- **WHAT TO WORK ON**
Quote the records that follow in full and exactly; leave out the pictures.

- **DATA FOR ANALYSIS**
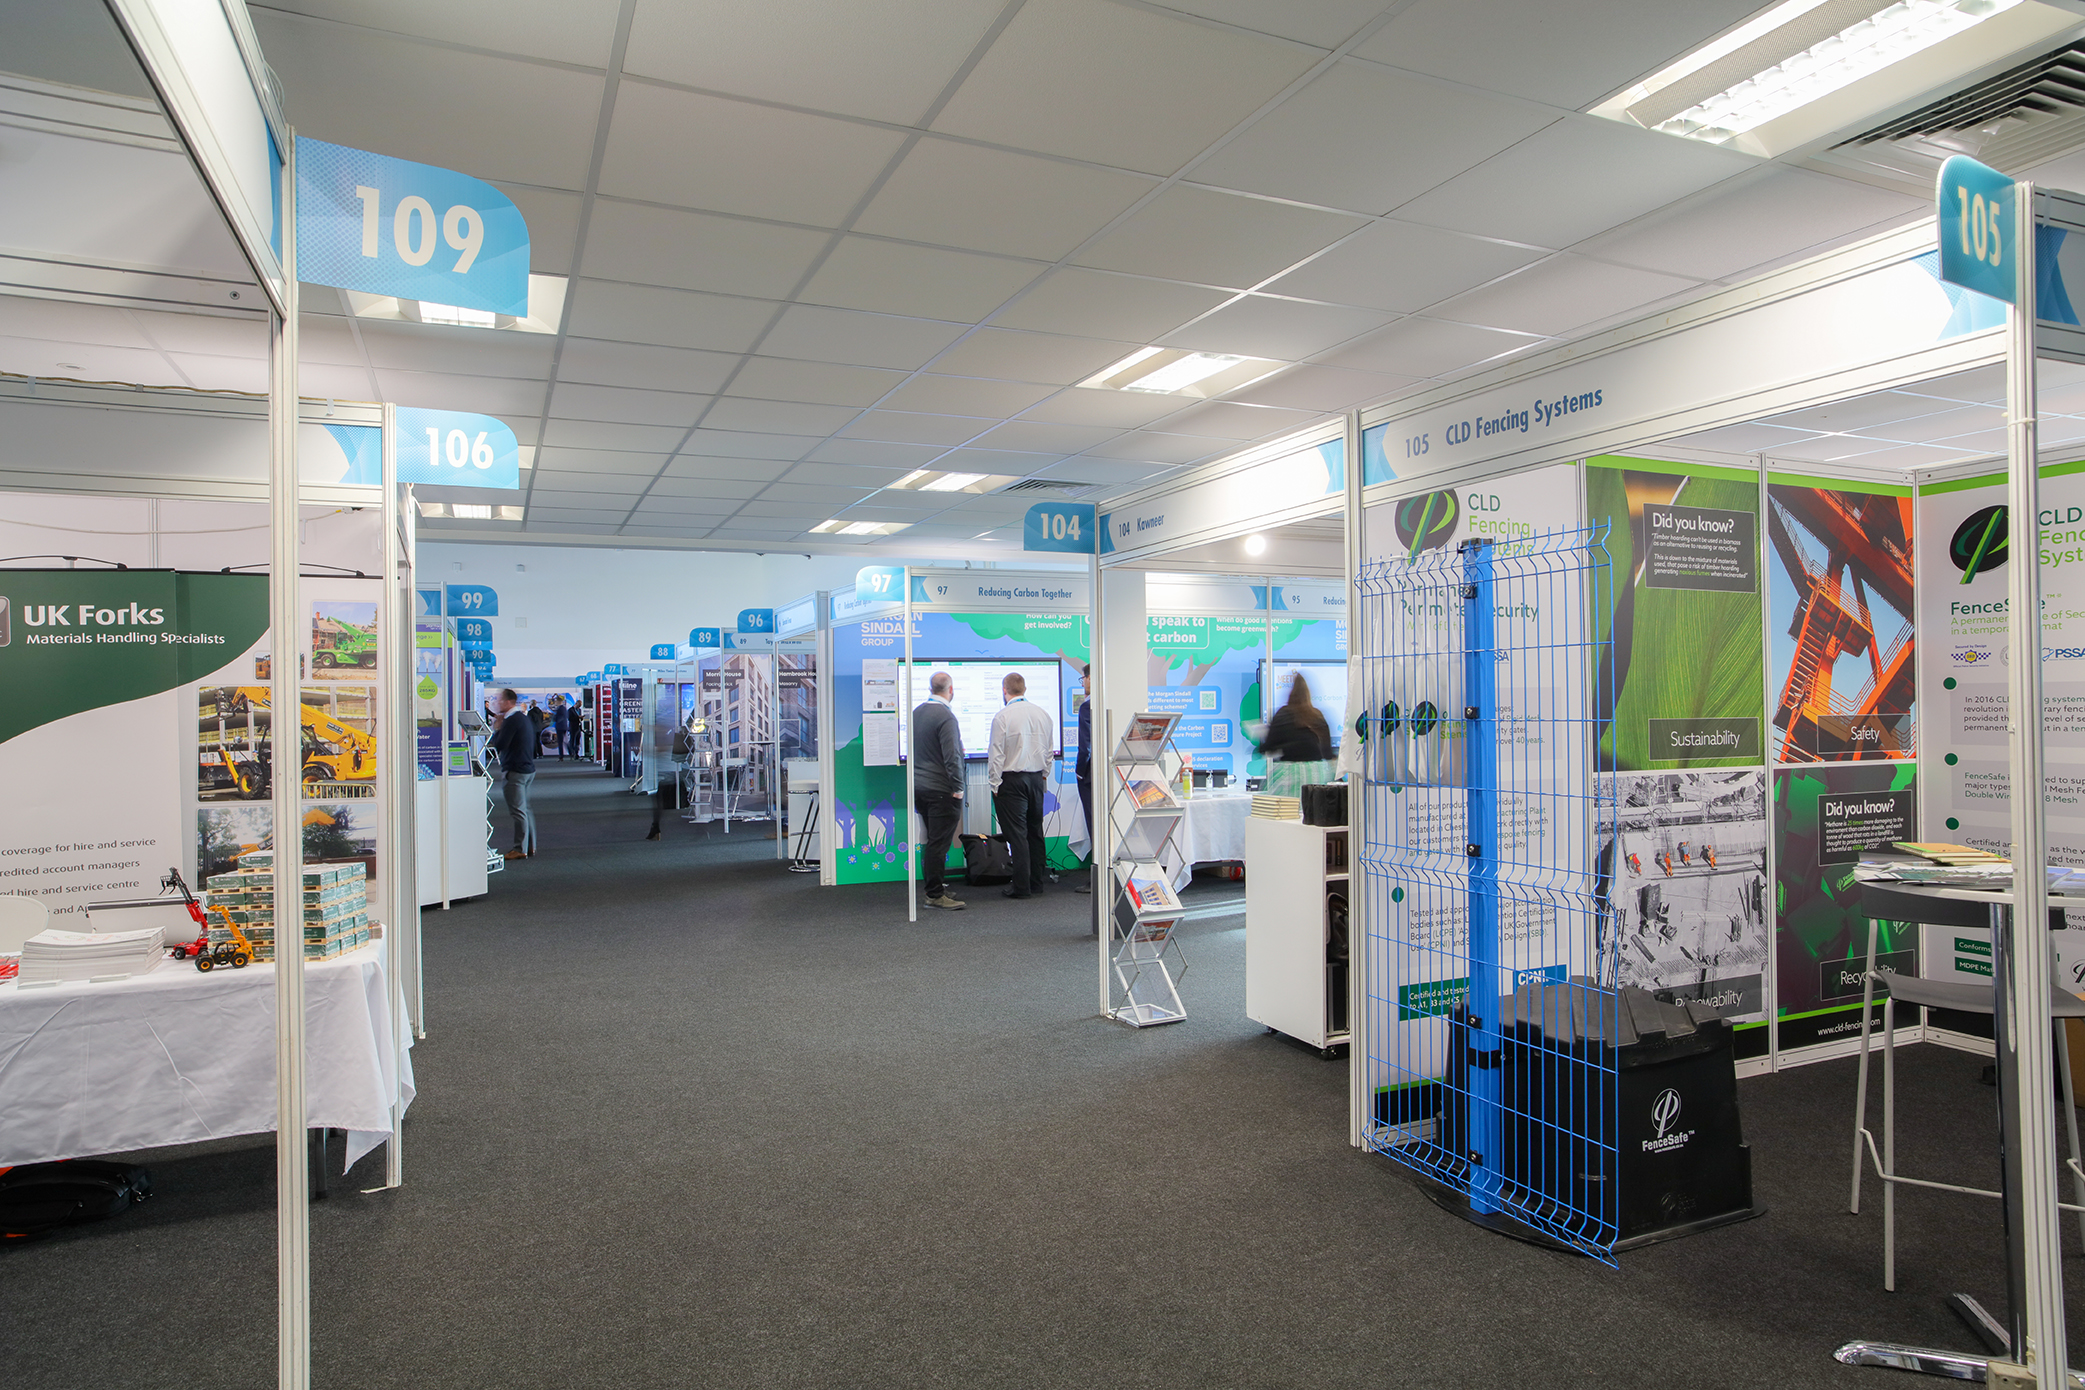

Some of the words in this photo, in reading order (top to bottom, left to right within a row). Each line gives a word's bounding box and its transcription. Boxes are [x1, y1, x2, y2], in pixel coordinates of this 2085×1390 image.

[356, 185, 484, 274] 109
[1958, 186, 2001, 266] 105
[1406, 434, 1429, 458] 105
[1446, 422, 1471, 445] CLD
[1476, 409, 1528, 438] Fencing
[1534, 389, 1603, 427] Systems
[426, 427, 494, 469] 106
[1468, 493, 1500, 511] CLD
[1653, 513, 1672, 528] Did
[1675, 519, 1696, 533] you
[1698, 515, 1734, 533] know?
[2039, 507, 2082, 525] CLD
[1041, 513, 1080, 540] 104
[1119, 522, 1130, 537] 104
[1469, 515, 1530, 538] Fencing
[1671, 534, 1690, 542] hoarding
[871, 574, 892, 592] 97
[462, 592, 483, 608] 99
[938, 586, 948, 595] 97
[978, 587, 1011, 599] Reducing
[1014, 588, 1039, 597] Carbon
[1042, 589, 1072, 600] Together
[1292, 596, 1300, 604] 95
[24, 605, 71, 626] UK
[79, 602, 165, 625] Forks
[1493, 603, 1538, 622] ecurity
[1951, 617, 1958, 625] A
[2051, 610, 2062, 619] of
[748, 614, 763, 627] 96
[861, 622, 921, 633] SINDAL
[1152, 617, 1189, 629] speak
[1192, 617, 1205, 626] to
[467, 624, 482, 636] 98
[699, 632, 711, 642] 89
[1154, 631, 1197, 642] carbon
[1951, 627, 1959, 635] in
[27, 633, 93, 644] Materials
[96, 632, 156, 645] Handling
[161, 632, 225, 644] Specialists
[472, 650, 483, 659] 90
[658, 648, 668, 656] 88
[1671, 730, 1740, 748] Sustainability
[1851, 725, 1880, 743] Safety
[1965, 772, 2005, 780] FenceSafe
[1965, 791, 1994, 799] Double
[2053, 795, 2078, 803] Mesh
[1826, 801, 1842, 816] Did
[1845, 804, 1862, 819] you
[1864, 799, 1895, 813] know?
[1, 845, 51, 856] coverage
[56, 844, 70, 852] for
[74, 843, 94, 851] hire
[98, 840, 117, 849] and
[120, 839, 156, 847] service
[1966, 838, 2000, 847] Certified
[2062, 846, 2078, 854] the
[43, 864, 84, 874] account
[88, 860, 140, 870] managers
[17, 888, 38, 896] hire
[66, 883, 103, 893] service
[107, 880, 139, 889] centre
[54, 906, 73, 914] and
[1411, 909, 1433, 917] Tested
[1436, 906, 1448, 915] and
[1959, 962, 1979, 970] MDPE
[1409, 990, 1435, 1000] Certified
[1437, 988, 1447, 997] and
[1449, 986, 1469, 994] tested
[1642, 1132, 1688, 1151] FenceSafe

- **EXERCISE OUTPUT**
Some of the words in this photo, in reading order (top to bottom, left to right within a row). Each line gives a word's bounding box and its transcription. Boxes are [x1, y1, x2, y2], in pixel coordinates of this 2085×1390 image.

[356, 185, 484, 274] 109
[1958, 186, 2001, 266] 105
[1406, 434, 1429, 458] 105
[1446, 422, 1471, 445] CLD
[1476, 409, 1528, 438] Fencing
[1534, 389, 1603, 427] Systems
[426, 427, 494, 469] 106
[1468, 493, 1500, 511] CLD
[1653, 513, 1672, 528] Did
[1675, 519, 1696, 533] you
[1698, 515, 1734, 533] know?
[2039, 507, 2082, 525] CLD
[1041, 513, 1080, 540] 104
[1119, 522, 1130, 537] 104
[1469, 515, 1530, 538] Fencing
[1671, 534, 1690, 542] hoarding
[871, 574, 892, 592] 97
[462, 592, 483, 608] 99
[938, 586, 948, 595] 97
[978, 587, 1011, 599] Reducing
[1014, 588, 1039, 597] Carbon
[1042, 589, 1072, 600] Together
[1292, 596, 1300, 604] 95
[24, 605, 71, 626] UK
[79, 602, 165, 625] Forks
[1493, 603, 1538, 622] ecurity
[1951, 617, 1958, 625] A
[2051, 610, 2062, 619] of
[748, 614, 763, 627] 96
[861, 622, 921, 633] SINDAL
[1152, 617, 1189, 629] speak
[1192, 617, 1205, 626] to
[467, 624, 482, 636] 98
[699, 632, 711, 642] 89
[1154, 631, 1197, 642] carbon
[1951, 627, 1959, 635] in
[27, 633, 93, 644] Materials
[96, 632, 156, 645] Handling
[161, 632, 225, 644] Specialists
[472, 650, 483, 659] 90
[658, 648, 668, 656] 88
[1671, 730, 1740, 748] Sustainability
[1851, 725, 1880, 743] Safety
[1965, 772, 2005, 780] FenceSafe
[1965, 791, 1994, 799] Double
[2053, 795, 2078, 803] Mesh
[1826, 801, 1842, 816] Did
[1845, 804, 1862, 819] you
[1864, 799, 1895, 813] know?
[1, 845, 51, 856] coverage
[56, 844, 70, 852] for
[74, 843, 94, 851] hire
[98, 840, 117, 849] and
[120, 839, 156, 847] service
[1966, 838, 2000, 847] Certified
[2062, 846, 2078, 854] the
[43, 864, 84, 874] account
[88, 860, 140, 870] managers
[17, 888, 38, 896] hire
[66, 883, 103, 893] service
[107, 880, 139, 889] centre
[54, 906, 73, 914] and
[1411, 909, 1433, 917] Tested
[1436, 906, 1448, 915] and
[1959, 962, 1979, 970] MDPE
[1409, 990, 1435, 1000] Certified
[1437, 988, 1447, 997] and
[1449, 986, 1469, 994] tested
[1642, 1132, 1688, 1151] FenceSafe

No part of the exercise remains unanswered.